Scientists from Yale and Harvard have recoded the entire genome of an organism and improved a bacterium’s ability to resist viruses, a dramatic demonstration of the potential of rewriting an organism’s genetic code.
“This is the first time the genetic code has been fundamentally changed,” said Farren Isaacs, assistant professor of molecular, cellular, and developmental biology at Yale and co-senior author of the research published October 18 in the journal Science. “Creating an organism with a new genetic code has allowed us to expand the scope of biological function in a number of powerful ways.”
The creation of a genomically recoded organism raises the possibility that researchers might be able to retool nature and create potent new forms of proteins to accomplish a myriad purposes - from combating disease to generating new classes of materials.
The research - headed by Isaacs and co-author George Church of Harvard Medical School - is a product of years of studies in the emerging field of synthetic biology, which seeks to re-design natural biological systems for useful purposes.
In this case, the researchers changed fundamental rules of biology.
Proteins, which are encoded by deoxyribonucleic acid - DNA’s instructional manual and are made up of 20 amino acids, carry out many important functional roles in the cell.

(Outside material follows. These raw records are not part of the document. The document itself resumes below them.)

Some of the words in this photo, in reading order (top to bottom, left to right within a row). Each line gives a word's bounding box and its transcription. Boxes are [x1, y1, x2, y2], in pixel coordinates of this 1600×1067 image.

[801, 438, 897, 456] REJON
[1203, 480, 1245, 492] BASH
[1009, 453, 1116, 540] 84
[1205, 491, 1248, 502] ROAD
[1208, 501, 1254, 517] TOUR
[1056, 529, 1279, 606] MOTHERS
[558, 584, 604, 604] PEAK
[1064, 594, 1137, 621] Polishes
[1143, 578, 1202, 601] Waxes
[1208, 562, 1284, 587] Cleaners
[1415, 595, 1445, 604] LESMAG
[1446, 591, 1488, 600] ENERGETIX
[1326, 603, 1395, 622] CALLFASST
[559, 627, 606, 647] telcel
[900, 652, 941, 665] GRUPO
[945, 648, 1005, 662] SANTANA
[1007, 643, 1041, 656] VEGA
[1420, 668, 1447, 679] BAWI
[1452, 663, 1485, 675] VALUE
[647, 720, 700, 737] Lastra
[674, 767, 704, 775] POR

Amino acids are encoded by the full set of 64 triplet combinations of the four nucleic acids that comprise the backbone of DNA. These triplets - sets of three nucleotides are called codons and are the genetic alphabet of life.

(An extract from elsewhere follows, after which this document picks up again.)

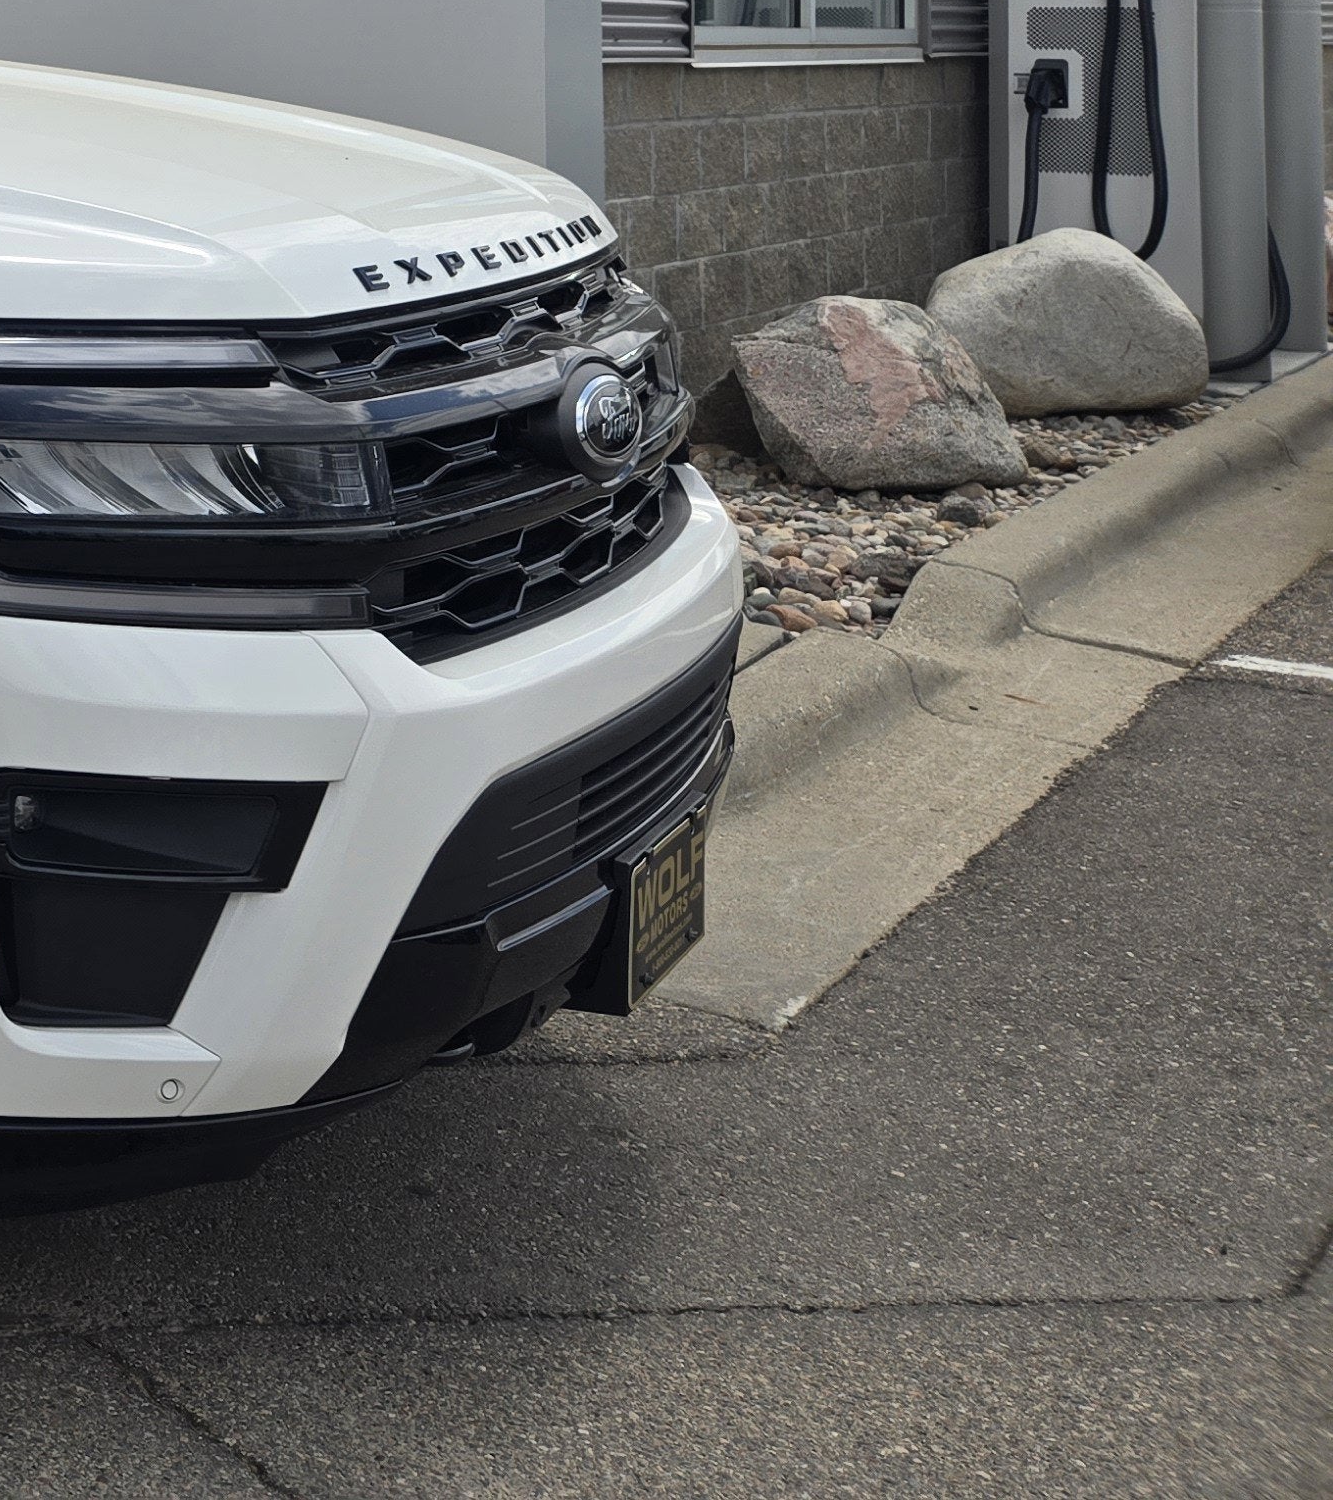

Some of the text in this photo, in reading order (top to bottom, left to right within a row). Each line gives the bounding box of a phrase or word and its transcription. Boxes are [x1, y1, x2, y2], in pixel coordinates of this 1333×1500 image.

[352, 214, 603, 293] EXPEDITION
[637, 830, 704, 932] WOLF
[650, 890, 689, 943] MOTORS

Isaacs, Jesse Rinehart of Yale, and the Harvard researchers explored whether they could expand upon nature’s handywork by substituting different codons or letters throughout the genome and then reintroducing entirely new letters to create amino acids not found in nature. This work marks the first time that the genetic code has been completely changed across an organism’s genome.
In the new study, the researchers working with escherichia coli swapped a codon and eliminated its natural stop sign that terminates protein production. The new genome enabled the bacteria to resist viral infection by limiting production of natural proteins used by viruses to infect cells. Isaacs - working with Marc Lajoie of Harvard, Alexis Rovner of Yale, and colleagues - then converted the “stop” codon into one that encodes new amino acids and inserted it into the genome in a plug-and-play fashion.

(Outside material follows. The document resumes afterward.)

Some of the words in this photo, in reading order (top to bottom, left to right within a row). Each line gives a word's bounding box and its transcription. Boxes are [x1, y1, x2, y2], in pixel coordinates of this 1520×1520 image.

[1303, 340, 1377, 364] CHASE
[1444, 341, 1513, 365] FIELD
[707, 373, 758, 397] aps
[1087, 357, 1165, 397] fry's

The work now sets the stage to convert the recoded bacterium into a living foundry, capable of biomanufacturing new classes of “exotic” proteins and polymers. These new molecules could lay the foundation for a new generation of materials, nanostructures, therapeutics, and drug delivery vehicles, Isaacs said.
“Since the genetic code is universal, it raises the prospect of recoding genomes of other organisms,” Isaacs said. “This has tremendous implications in the biotechnology industry and could open entirely new avenues of research and applications.”